Bewertung der aktuellen Situation

Janet Henry erklärte im Rahmen der Diskussion zunächst, die Fed habe ihre Geldpolitik zu spät angezogen, da sie aufgrund der Pandemie strukturelle Arbeitslosigkeit befürchtet habe. Entgegen dieser Erwartungen habe sich die Nachfrage aber schnell erholt, während die Lieferketten durch Covid nach wie vor beeinträchtig seien. Ihrer Meinung nach sei eine Rezession der einzige Weg, um die Inflationsraten nachhaltig zurück zu den Zielwerten zu bringen. Wenn die Zentralbanken nicht handelten, würden sie ihre Glaubwürdigkeit einbüßen, führte Janet Henry weiter aus. Sie kritisierte auch, dass die Regierungen in Europa nur selten einheitlich an die Krisenbewältigung herangingen.
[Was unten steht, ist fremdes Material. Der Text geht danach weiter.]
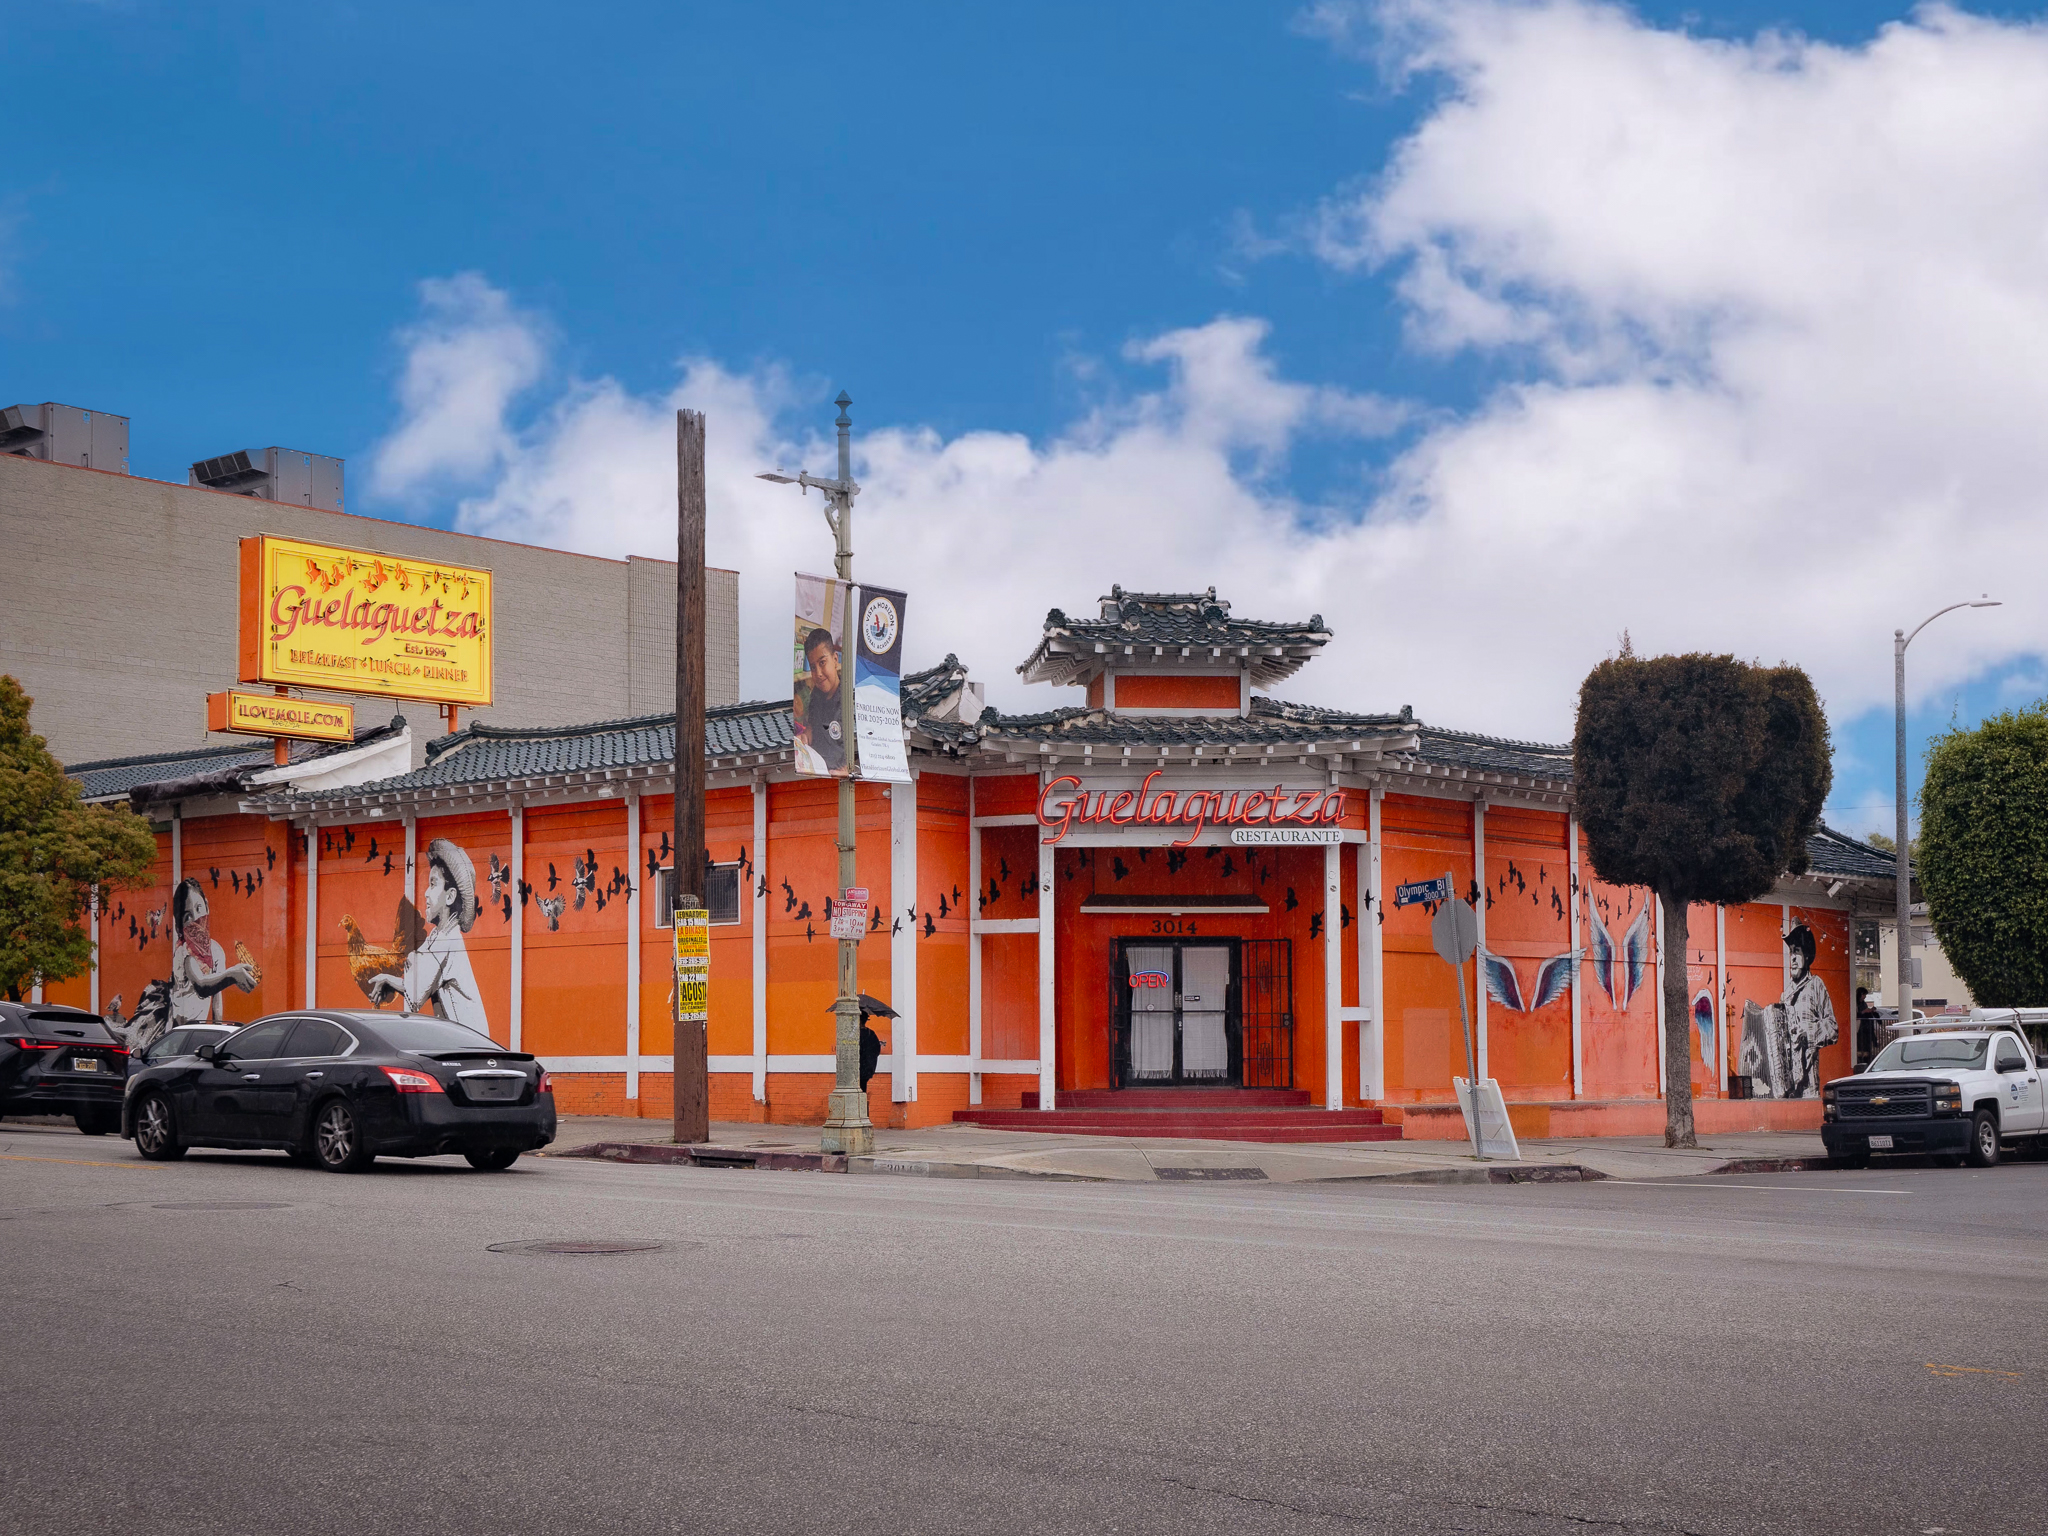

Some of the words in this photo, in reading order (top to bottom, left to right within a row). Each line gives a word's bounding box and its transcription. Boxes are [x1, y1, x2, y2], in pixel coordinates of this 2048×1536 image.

[270, 584, 485, 645] Guelaguetza
[866, 605, 877, 622] VISTA
[877, 602, 895, 626] HORIZON
[424, 645, 447, 658] 1994
[290, 649, 358, 670] BREAKFAST
[370, 657, 411, 676] LUNCH
[424, 665, 469, 683] DINNER
[239, 704, 345, 728] ILOVEMOLE.COM
[856, 702, 886, 714] ENROLLING
[886, 708, 900, 716] NOW
[857, 713, 868, 722] FOR
[869, 714, 900, 726] 2025-2026
[1036, 770, 1350, 847] Guelaguetza
[1235, 830, 1341, 843] RESTAURANTE
[1398, 884, 1429, 897] Olympic
[1424, 891, 1438, 899] 3000
[843, 909, 865, 917] STOPPING
[1152, 919, 1198, 935] 3014
[1128, 974, 1167, 988] OPEN
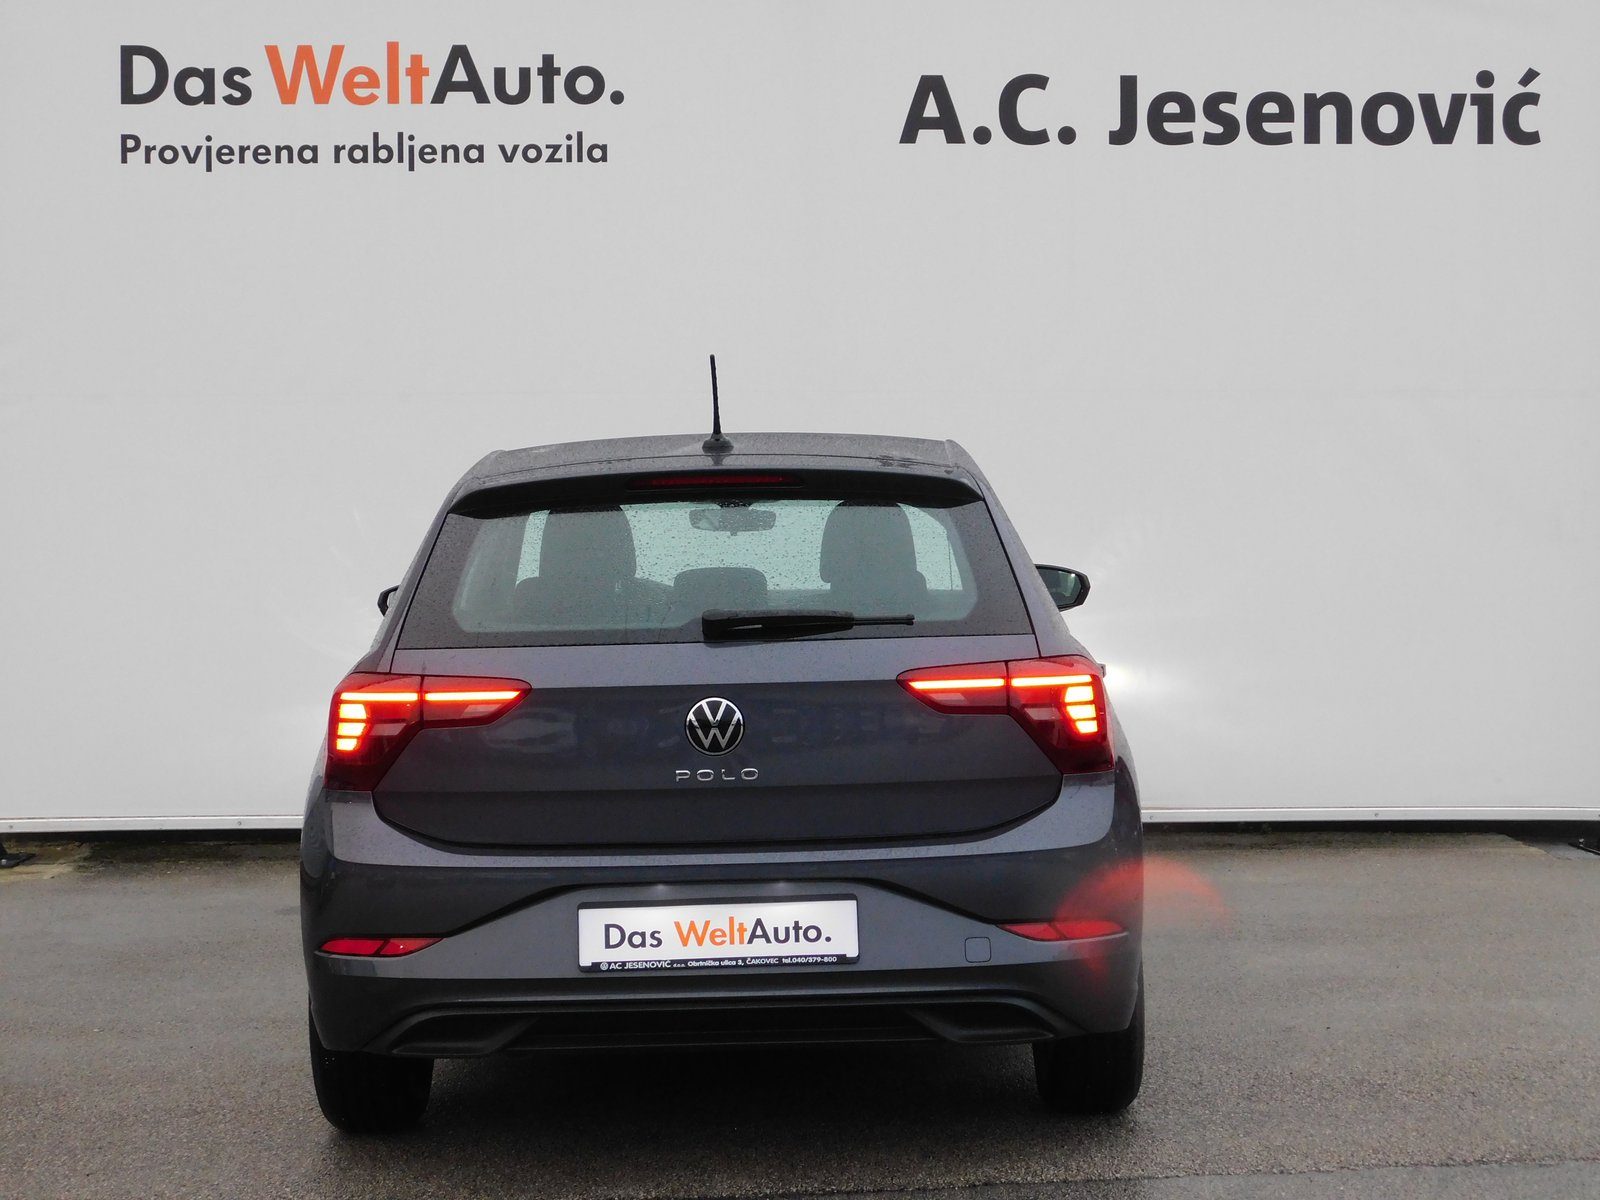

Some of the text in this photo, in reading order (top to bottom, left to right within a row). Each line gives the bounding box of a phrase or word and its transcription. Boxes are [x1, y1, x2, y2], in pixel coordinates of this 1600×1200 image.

[120, 41, 625, 107] Das WeltAuto.
[898, 67, 1542, 147] A.C. Jesenović
[120, 130, 608, 173] Provjerena rabljena vozila
[675, 767, 759, 782] POLO
[603, 916, 832, 950] Das WeltAuto.
[609, 961, 622, 970] AC
[623, 959, 671, 970] JESENOVIĆ
[746, 957, 779, 966] ČAKOVEC
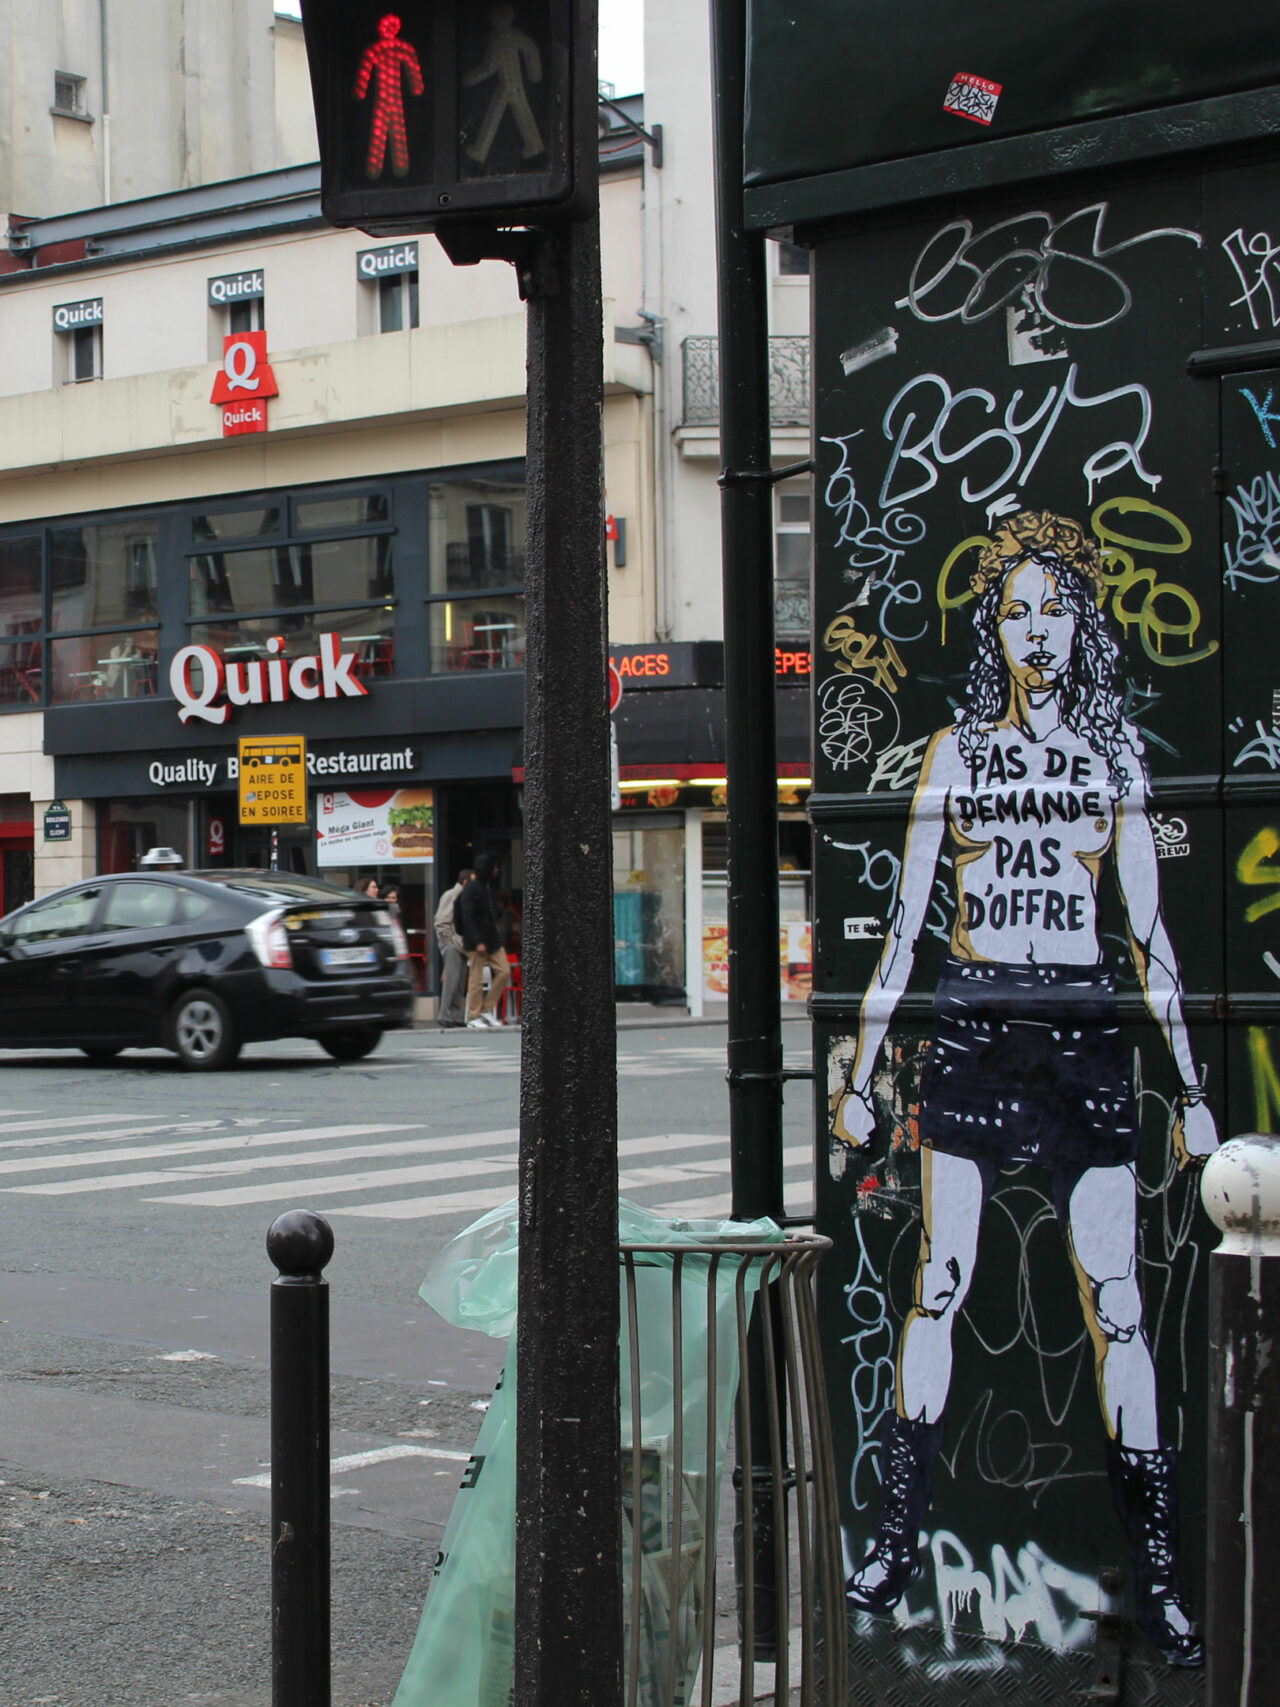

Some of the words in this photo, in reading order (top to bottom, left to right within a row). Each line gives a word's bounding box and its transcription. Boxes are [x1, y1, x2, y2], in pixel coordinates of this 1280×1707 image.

[961, 75, 995, 91] HELLO
[360, 246, 417, 275] Quick
[210, 273, 263, 302] Quick
[54, 301, 103, 328] Quick
[224, 342, 260, 392] Q
[223, 407, 262, 427] Quick
[170, 632, 368, 725] Quick
[608, 653, 670, 677] ACES
[149, 758, 218, 786] Quality
[306, 748, 414, 775] Restaurant
[248, 773, 275, 785] AIRE
[280, 773, 295, 784] DE
[969, 742, 1028, 794] PAS
[1043, 746, 1092, 786] DE
[249, 789, 295, 801] EPOSE
[955, 787, 1105, 828] DEMANDE
[241, 807, 256, 817] EN
[262, 805, 303, 817] SOIREE
[328, 823, 350, 834] Méga
[352, 819, 375, 830] Giant
[992, 835, 1061, 879] PAS
[1157, 844, 1189, 858] REW
[964, 883, 1086, 932] D'OFFRE
Die koordinierte und einheitliche Reaktion auf die Pandemie sei eine Ausnahme gewesen.

Die Gesprächspartner teilten die Meinung, dass die USA den Höhepunkt der Inflation bereits überschritten habe. Europa habe ihn hingegen wahrscheinlich noch nicht erreicht, aber stehe kurz davor.

Hendrik Kafsack, Frankfurter Allgemeine Zeitung, hat die Diskussion moderiert.